Not if you’re breastfeeding.
Not to mention, she states right in her article/interview (paraphrased) “my husband helps out a LOT”. That is KEY in being able to look like that. I’m sorry, (and as a former gym rat, I KNOW), it takes tons of time and very dedicated scheduling to look like that, it’s not something a single mom can accomplish by wheeling kids around the neighborhood in a stroller (during the 20 minutes she might have off from the three jobs she’s working to help keep kids in diapers for instance).
The implication behind her bitchy so-called “inspirational” message is “this isn’t that hard, why are YOU such a loser / screw-up /non-woman (because you don’t have a perfect body)”?
Again, I do NOT fault her for having such a great figure and working at it. I do NOT fault her for being proud of it or flaunting it. It’s all about HOW she said it, not that she said something at all. I’d have a lot of respect for her if she owned up to it and said “you know, you’re right, I didn’t think about how the wording would come across, I apologize”. But no, she just keeps digging that hole “this could be taken a lot of ways, and I really meant it the nice way” (yeah right).
On review…
So her actual job IS as a fitness person? Somehow I missed that in her interview. So in other words, she doesn’t have to work 8 to 10 hours at a regular job and then fit in fitness, fitness IS her 8-10? Oh for Pete Sake, yeah, what’s wrong with the rest of us. Back in the day, when I still worked in the field in my job, that in and of itself (hiking around the woods, lifting heavy things, lots of bending and such) was enough to keep me fit. I’ve never been slim though, I’ve got what my Hawaiian friends called “da Monroe”.

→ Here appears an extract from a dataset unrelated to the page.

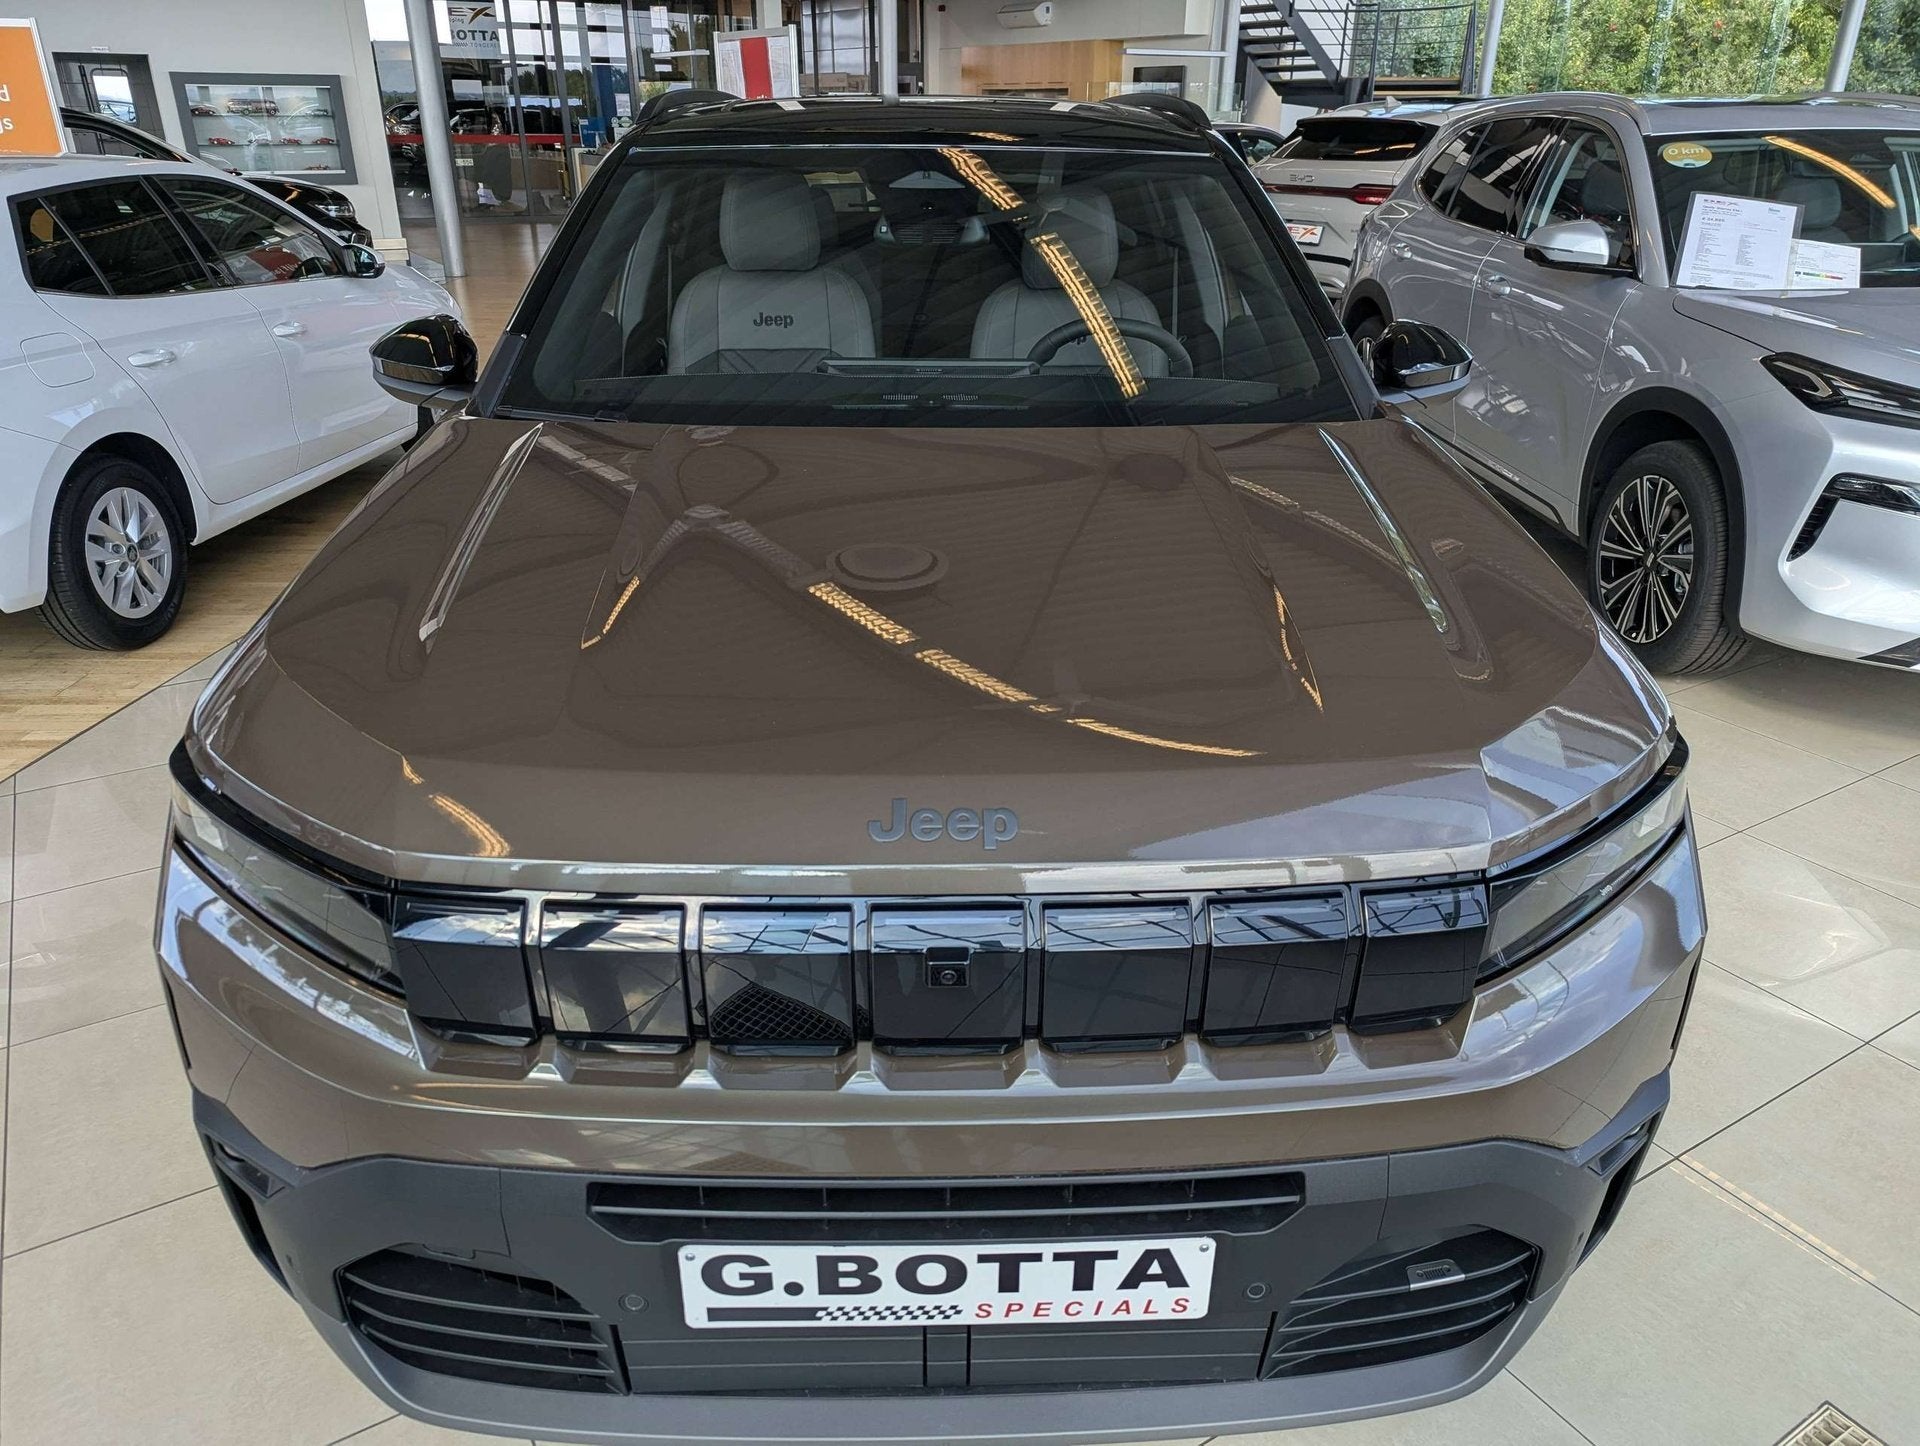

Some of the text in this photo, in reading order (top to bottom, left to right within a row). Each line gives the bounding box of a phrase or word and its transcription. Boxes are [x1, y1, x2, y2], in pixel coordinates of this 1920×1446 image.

And you know what? Frankly, I’d rather have what’s under this current layer of grandma fat if the alternative is to have no waist. At least I HAVE an actual figure, not a straight up and down (albeit very slim and cut) boy’s body. It’s there, ready to be uncovered, sorta like “hot in the bank”. 
I’m trying hard to understand why there is such a strong reaction to what a fitness buff/trainer said on her facebook page and on her own blog. It’s like she sent a personal email message to every fat person in America insulting them by name. Is that what happened?
She got pretty big during her third pregnancy. At least she was willing to get pregnant. I recall the Biggest Loser coach Jillian got in trouble for saying she didn’t ever want to get pregnant. She was worried what it would do to her body. That went over badly.
(Bolding added)
I think it comes across the same way as those ads with Kelly LeBrock saying, “Don’t hate me because I’m beautiful!” I couldn’t help thinking, “OK, how about I just hate you because you’re a vain snobby jerk?” No doubt at all that a lot of us could do much better to get fit, and it’s the human condition to make excuses, but the ridiculing tone of her comment does little to motivate–it just antagonizes.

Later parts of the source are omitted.